- **EXERCISE OBJECTIVE**
Exactly as written and without the pictures, output the entries below.

- **EXERCISE MATERIAL**
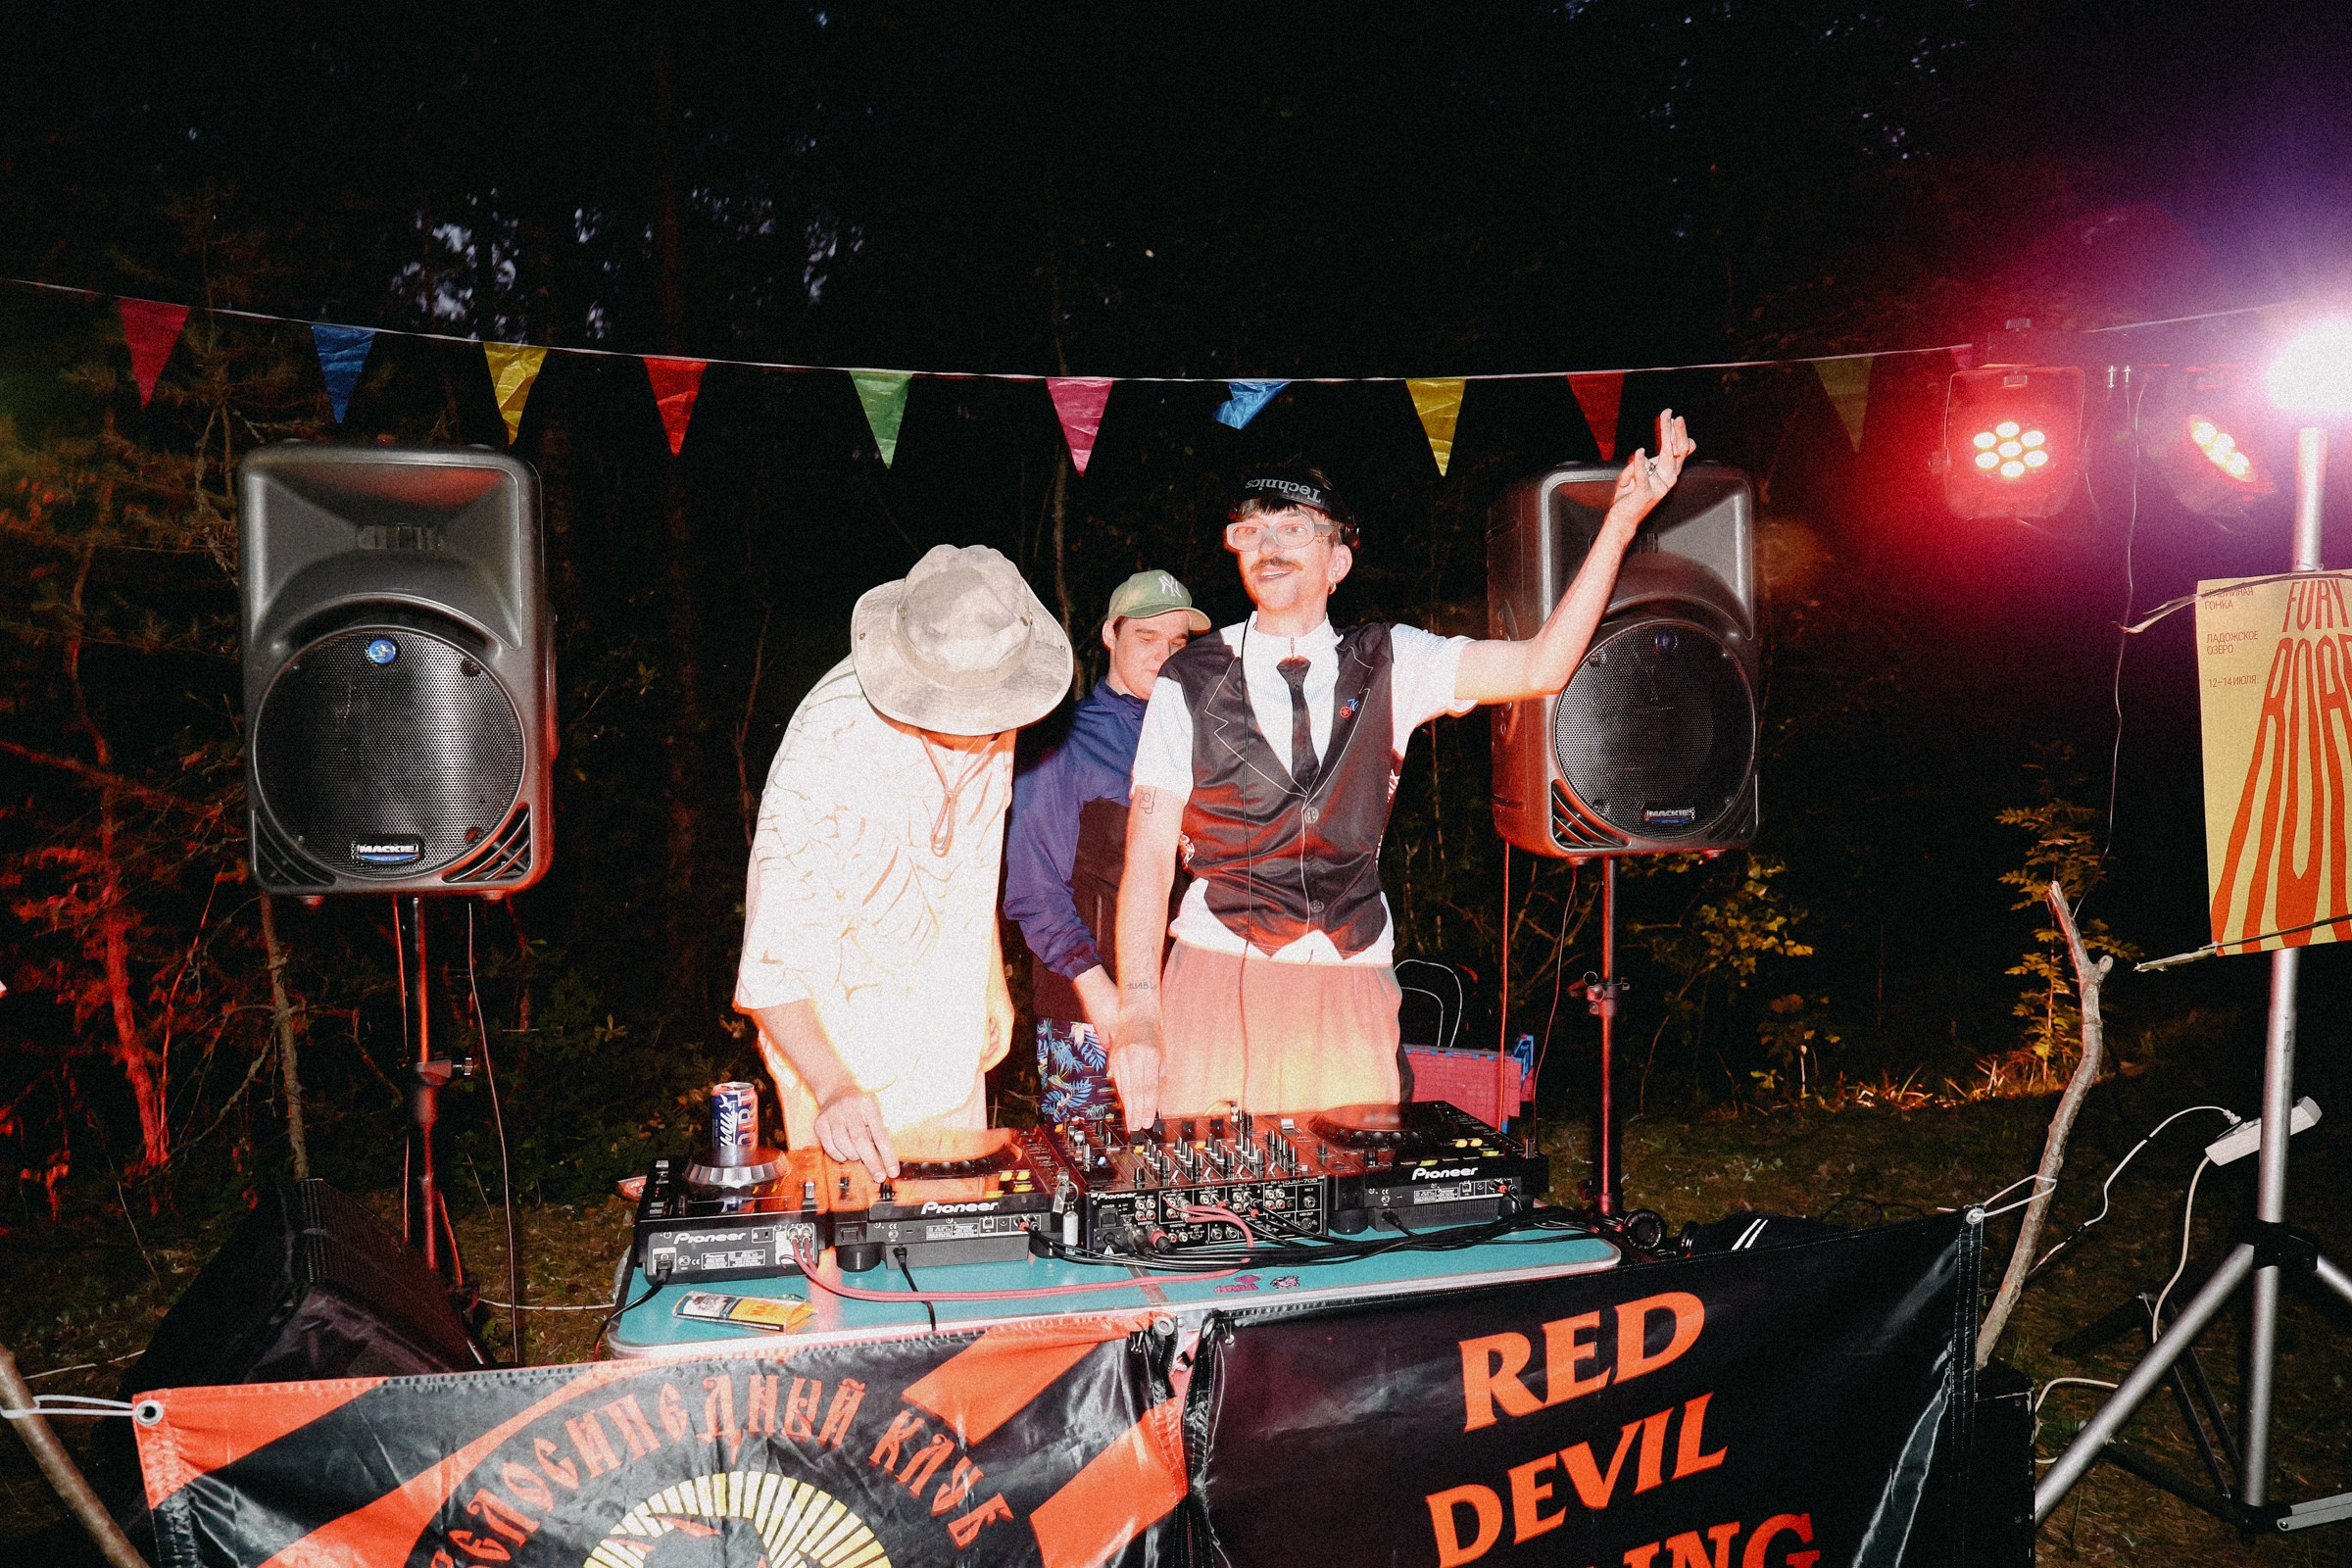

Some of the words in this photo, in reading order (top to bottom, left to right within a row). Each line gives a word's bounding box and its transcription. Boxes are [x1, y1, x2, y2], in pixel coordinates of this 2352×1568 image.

[1246, 478, 1322, 504] Technics
[2204, 599, 2234, 611] ГОНКА
[2281, 579, 2349, 633] FURY
[2207, 630, 2259, 644] ЛАДОЖСКОЕ
[2206, 644, 2234, 656] ОЗЕРО
[2232, 674, 2257, 686] ИЮЛЯ
[2211, 633, 2352, 956] ROA
[359, 844, 415, 854] MACKIE
[1411, 1166, 1479, 1181] Pioneer
[1097, 1192, 1138, 1200] Pioneer
[920, 1200, 999, 1215] Pioneer
[673, 1232, 747, 1245] Pioneer
[1458, 1291, 1705, 1433] RED
[1424, 1392, 1729, 1568] DEVIL

- **REPLY TO THE EXERCISE**
Some of the words in this photo, in reading order (top to bottom, left to right within a row). Each line gives a word's bounding box and its transcription. Boxes are [x1, y1, x2, y2], in pixel coordinates of this 2352×1568 image.

[1246, 478, 1322, 504] Technics
[2204, 599, 2234, 611] ГОНКА
[2281, 579, 2349, 633] FURY
[2207, 630, 2259, 644] ЛАДОЖСКОЕ
[2206, 644, 2234, 656] ОЗЕРО
[2232, 674, 2257, 686] ИЮЛЯ
[2211, 633, 2352, 956] ROA
[359, 844, 415, 854] MACKIE
[1411, 1166, 1479, 1181] Pioneer
[1097, 1192, 1138, 1200] Pioneer
[920, 1200, 999, 1215] Pioneer
[673, 1232, 747, 1245] Pioneer
[1458, 1291, 1705, 1433] RED
[1424, 1392, 1729, 1568] DEVIL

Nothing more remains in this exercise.